**PROBLEM TO WORK ON**
Every line of the data below is to be given again as it appears, with the images removed.

**RECORDS SUPPLIED**
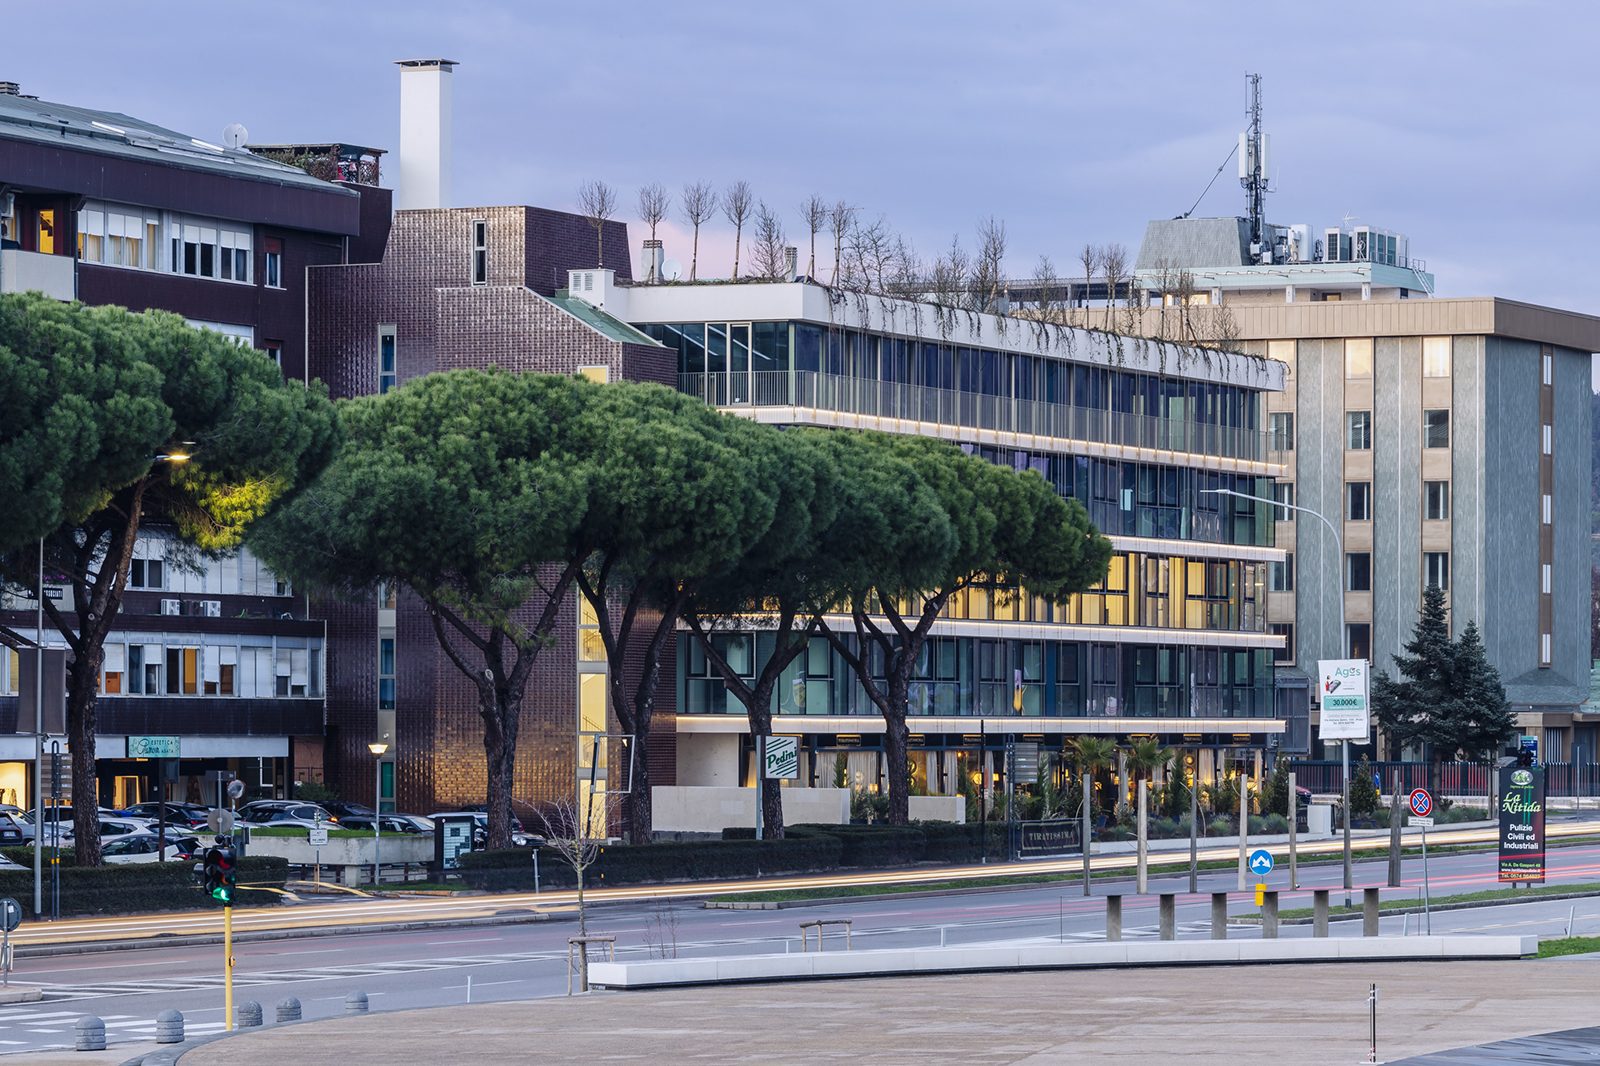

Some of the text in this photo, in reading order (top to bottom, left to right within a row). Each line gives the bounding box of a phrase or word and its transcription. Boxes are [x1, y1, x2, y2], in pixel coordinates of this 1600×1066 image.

[1335, 667, 1361, 678] Agos
[1333, 698, 1357, 706] 30.000€
[767, 746, 797, 769] Pedini
[1503, 792, 1521, 802] La
[1502, 801, 1541, 814] Nitida

**TASK RESULT**
Some of the text in this photo, in reading order (top to bottom, left to right within a row). Each line gives the bounding box of a phrase or word and its transcription. Boxes are [x1, y1, x2, y2], in pixel coordinates of this 1600×1066 image.

[1335, 667, 1361, 678] Agos
[1333, 698, 1357, 706] 30.000€
[767, 746, 797, 769] Pedini
[1503, 792, 1521, 802] La
[1502, 801, 1541, 814] Nitida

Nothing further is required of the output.